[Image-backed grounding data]

= = = =

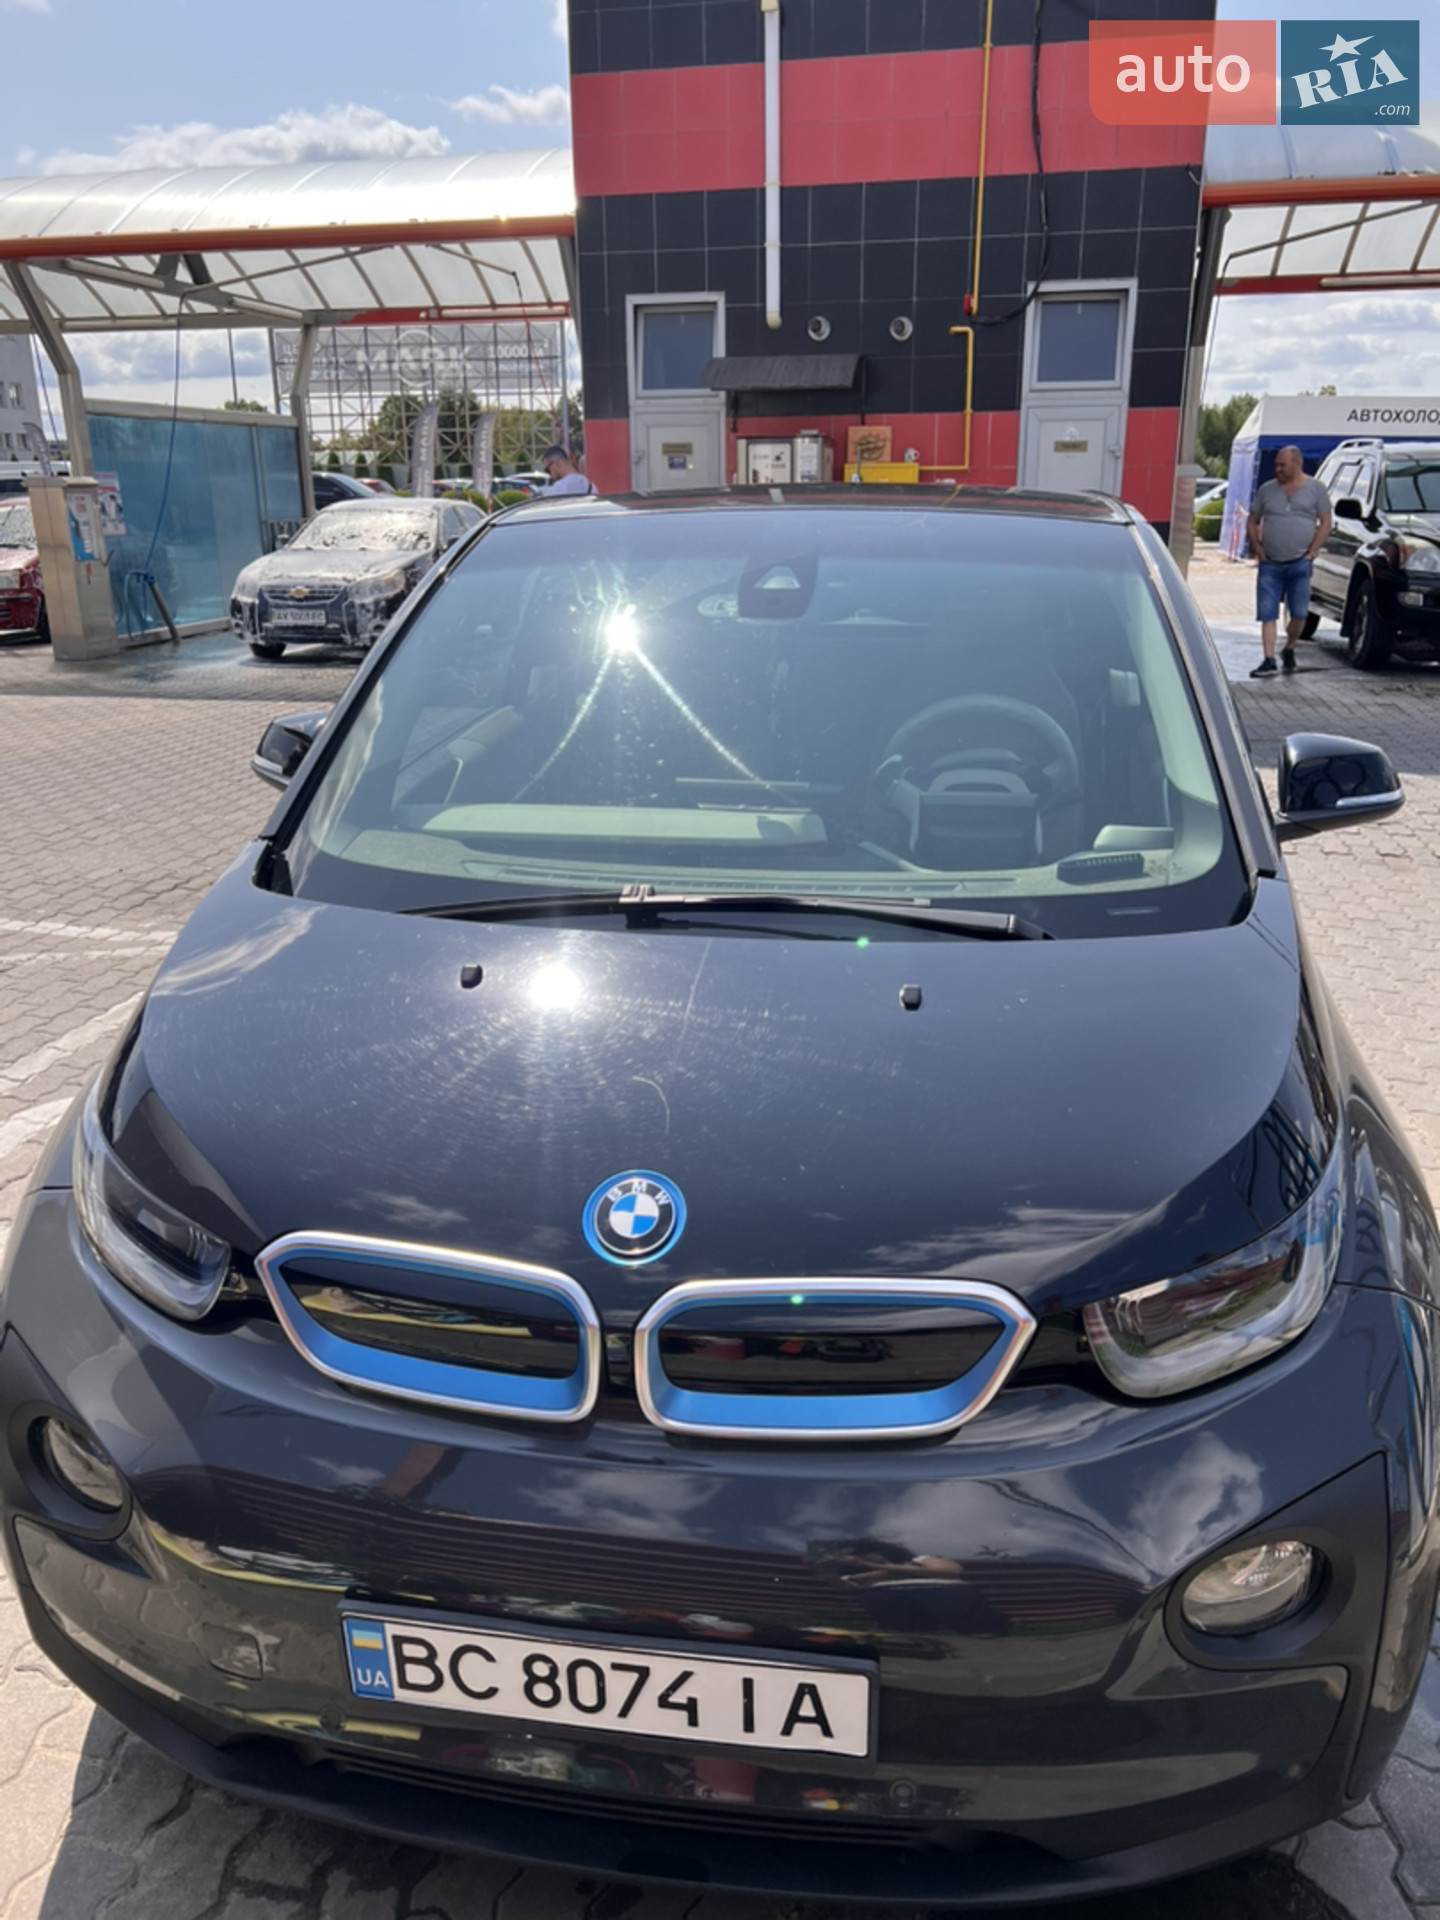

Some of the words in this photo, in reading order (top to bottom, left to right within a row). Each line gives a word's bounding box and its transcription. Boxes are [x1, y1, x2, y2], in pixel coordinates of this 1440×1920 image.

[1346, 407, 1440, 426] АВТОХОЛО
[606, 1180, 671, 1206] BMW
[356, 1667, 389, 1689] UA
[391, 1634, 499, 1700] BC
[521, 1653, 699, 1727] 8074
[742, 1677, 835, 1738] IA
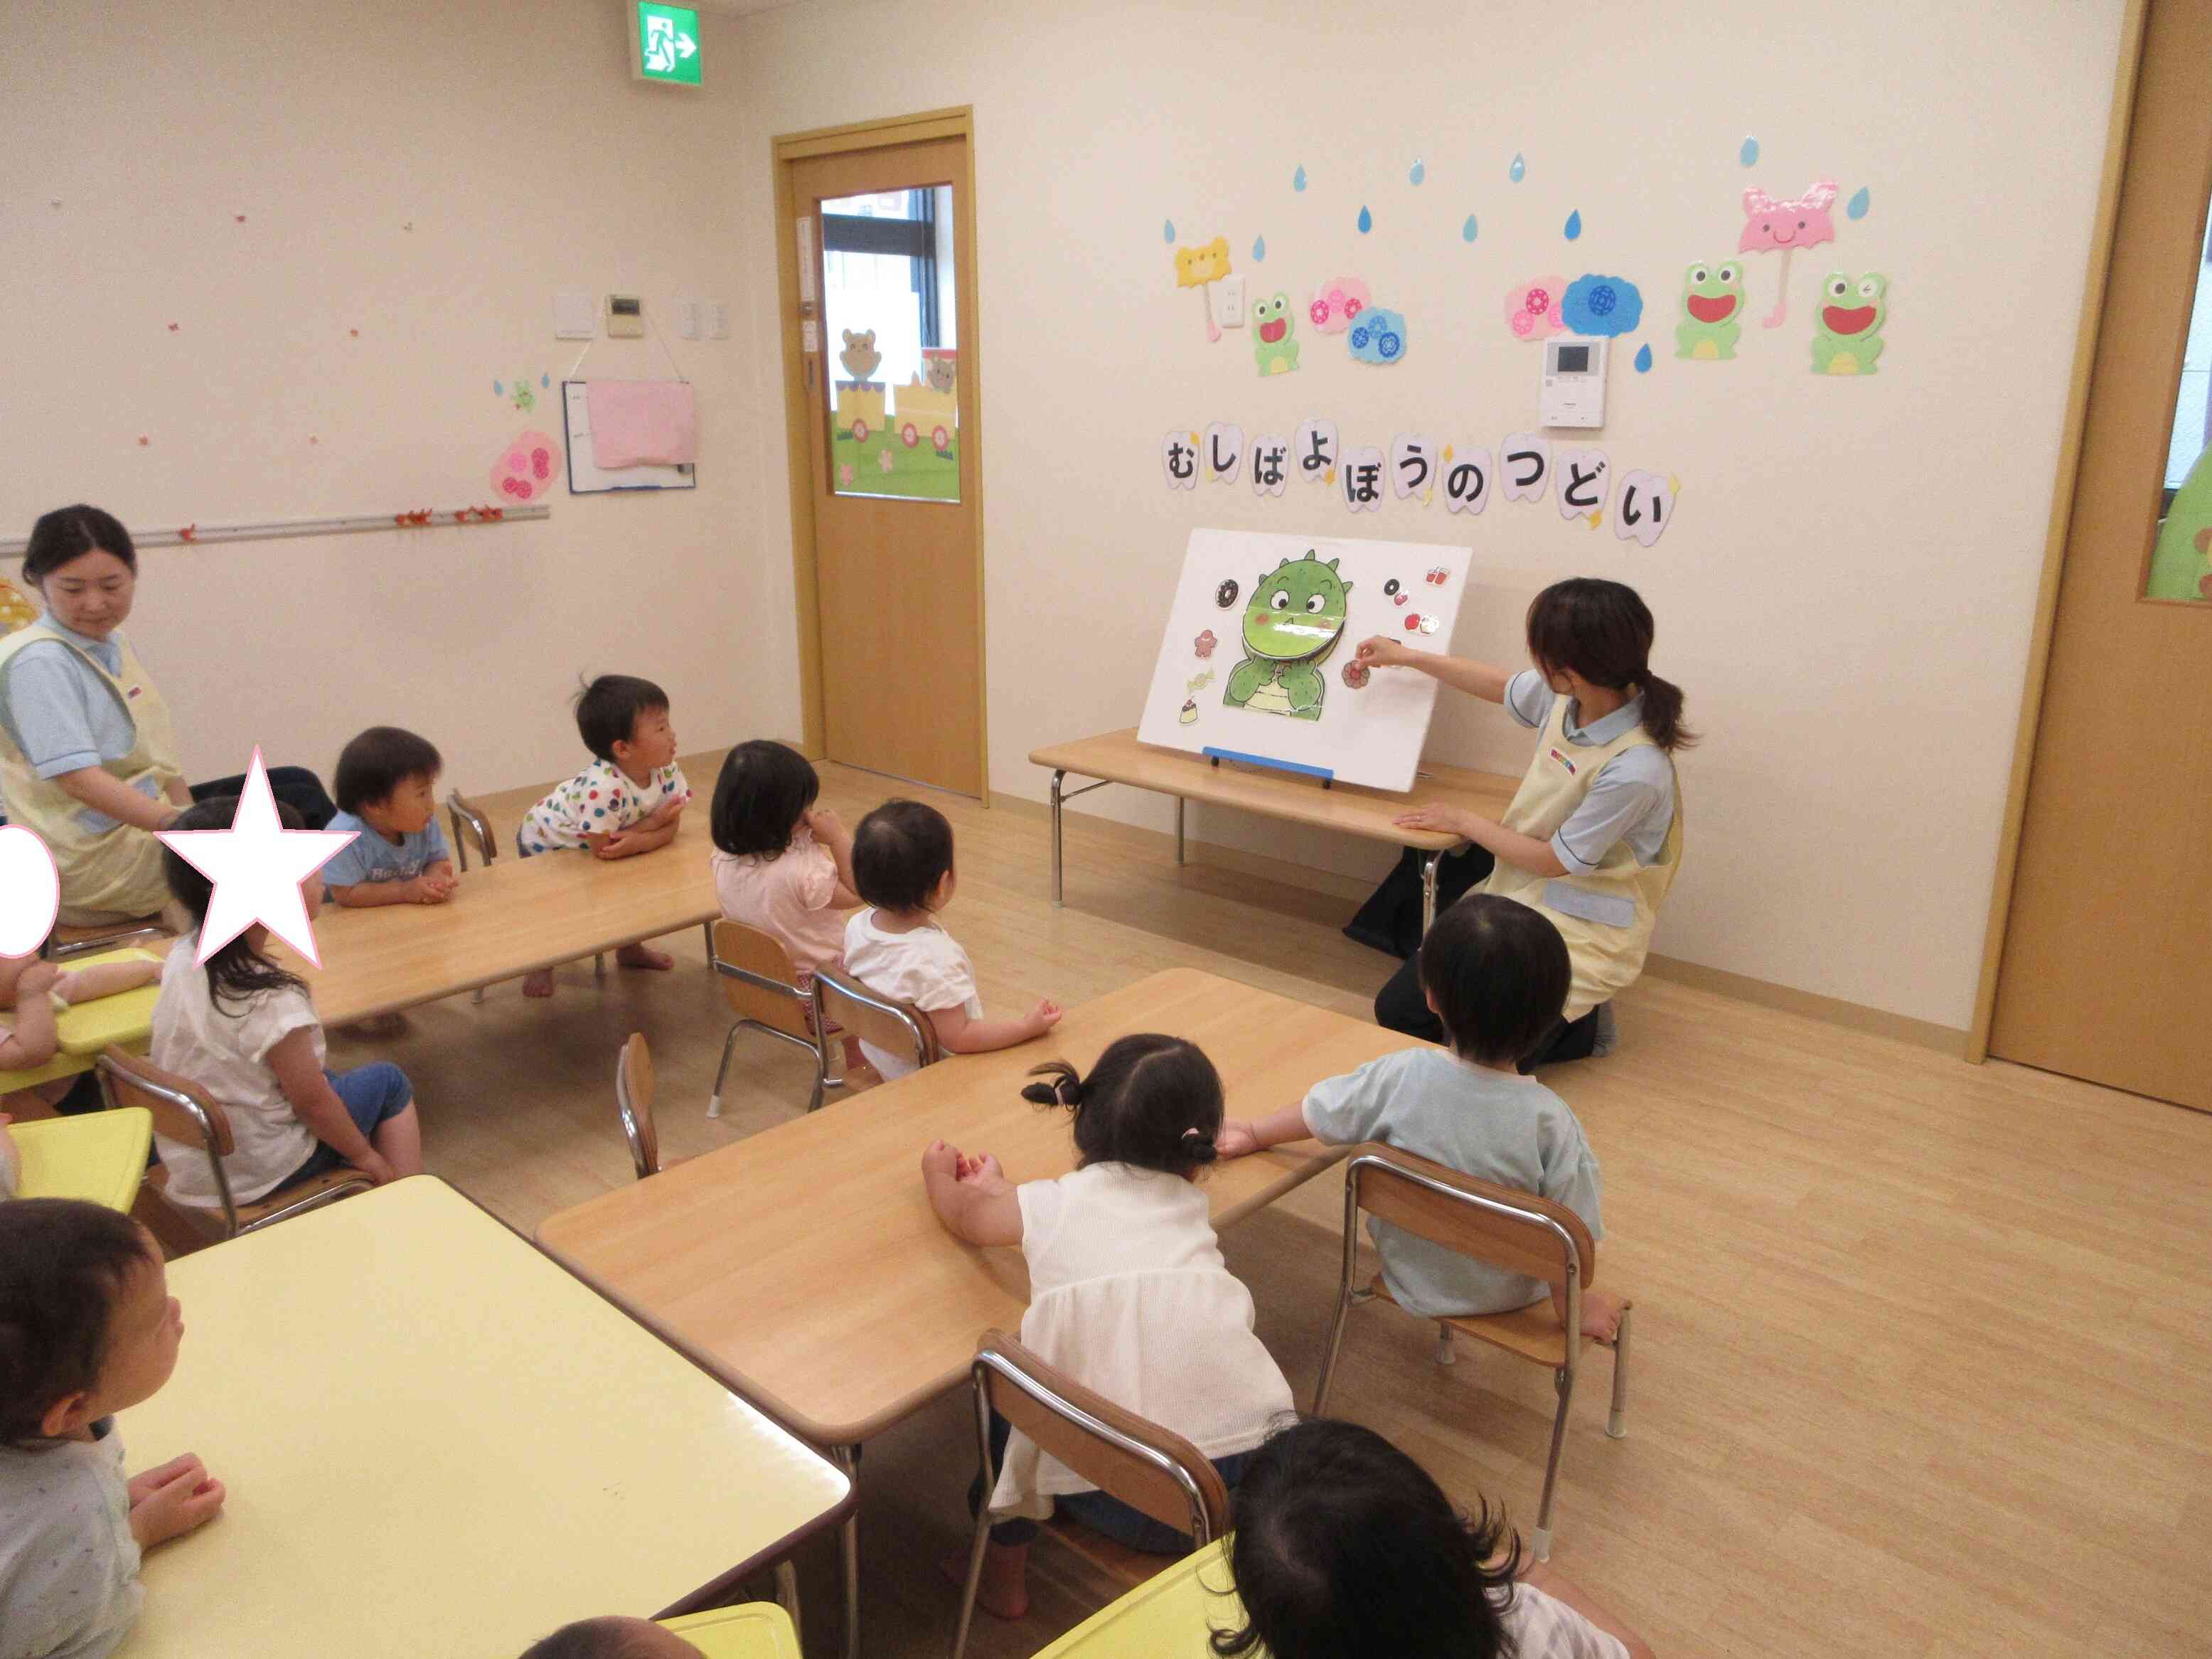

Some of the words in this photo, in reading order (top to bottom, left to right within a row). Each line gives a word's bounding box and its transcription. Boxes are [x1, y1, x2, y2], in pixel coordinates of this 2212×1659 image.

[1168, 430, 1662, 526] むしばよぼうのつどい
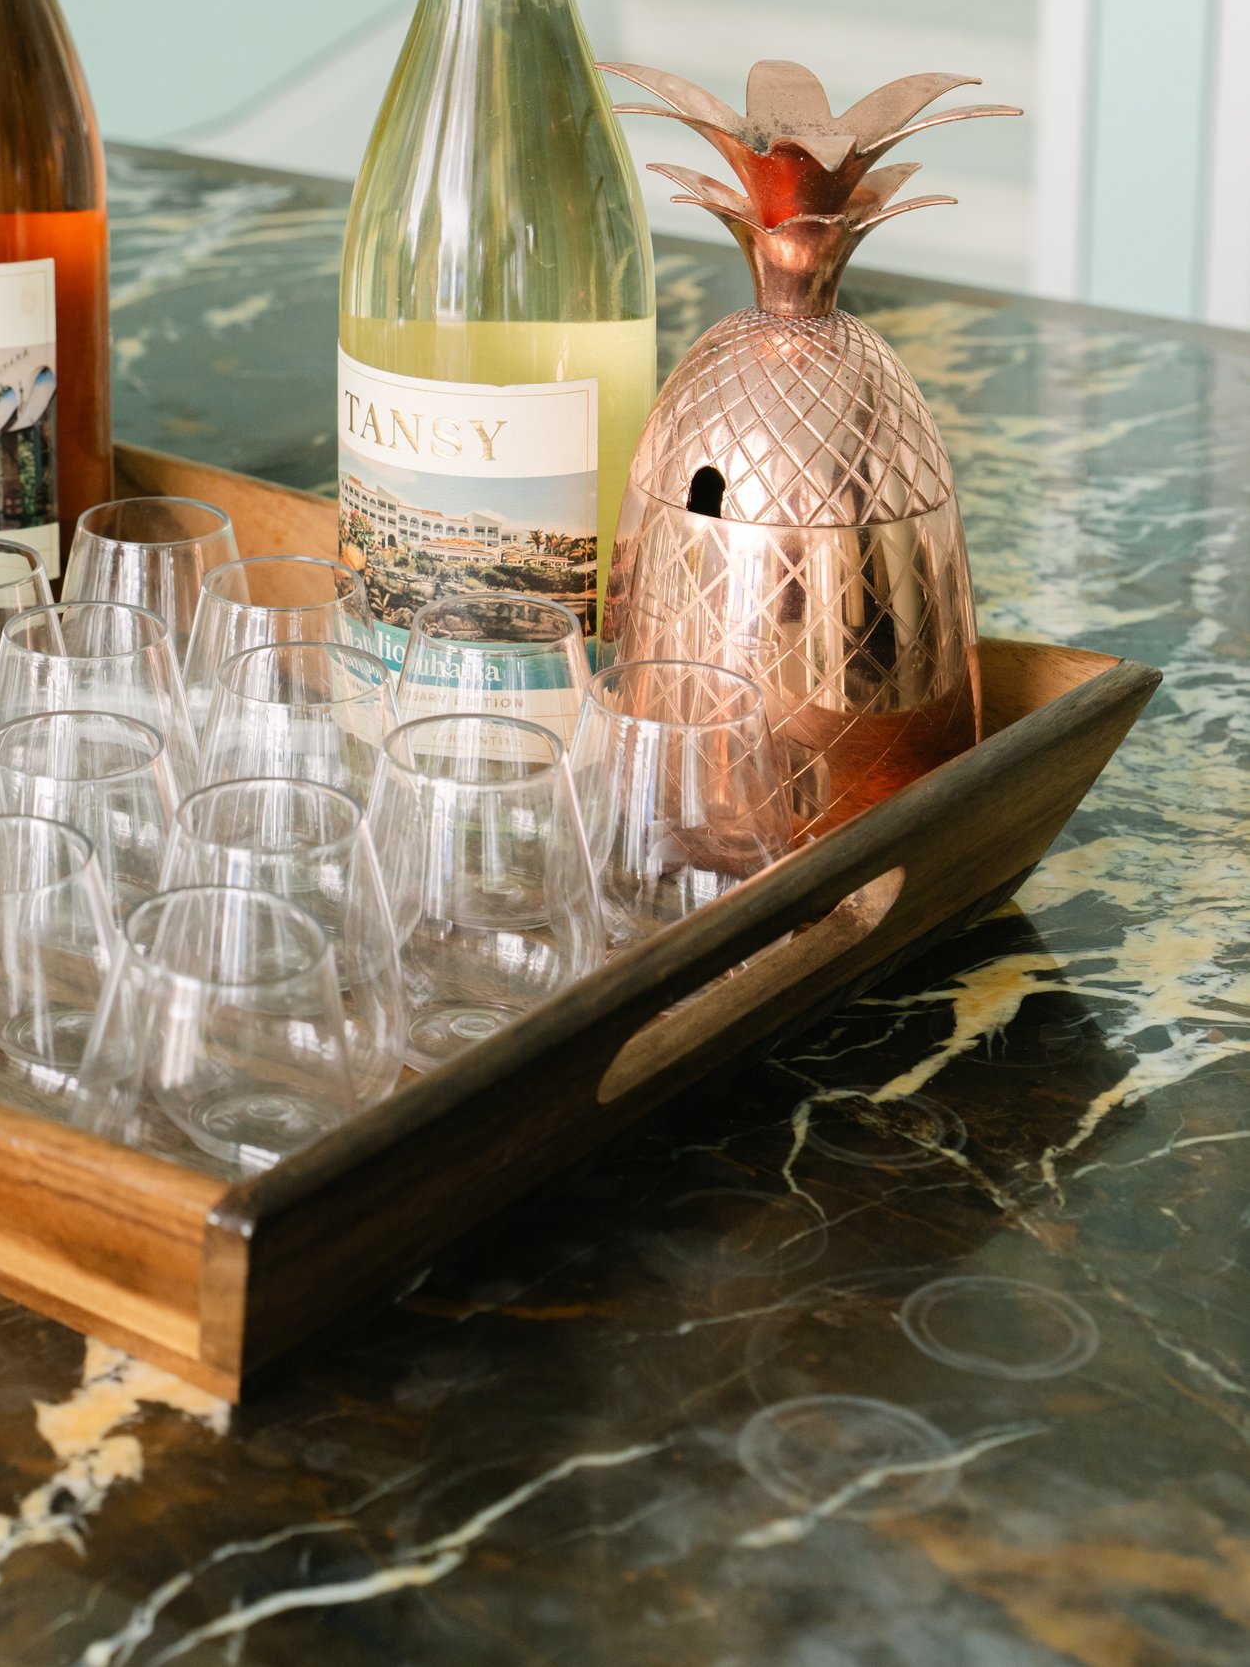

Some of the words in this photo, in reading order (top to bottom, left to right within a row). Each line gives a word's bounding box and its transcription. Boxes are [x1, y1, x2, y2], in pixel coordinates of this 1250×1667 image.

= = = =

HOW TO COMPLETE THIS TASK: Write down all the entries exactly, but not the pictures they hold.

WRITTEN SOLUTION:
Some of the words in this photo, in reading order (top to bottom, left to right within a row). Each line gives a word's bounding box and its transcription. Boxes are [x1, y1, x2, y2], in pixel coordinates of this 1440×1920 image.

[1346, 407, 1440, 426] АВТОХОЛО
[606, 1180, 671, 1206] BMW
[356, 1667, 389, 1689] UA
[391, 1634, 499, 1700] BC
[521, 1653, 699, 1727] 8074
[742, 1677, 835, 1738] IA

Some of the words in this photo, in reading order (top to bottom, left to right within a row). Each line gives a word's bounding box and its transcription. Boxes are [x1, y1, x2, y2], in pixel coordinates of this 2212×1659 image.

[1168, 430, 1662, 526] むしばよぼうのつどい

Some of the words in this photo, in reading order (top to bottom, left to right within a row). Each line gives a word's bounding box and its transcription. Boxes are [x1, y1, x2, y2], in pixel coordinates of this 1250×1667 image.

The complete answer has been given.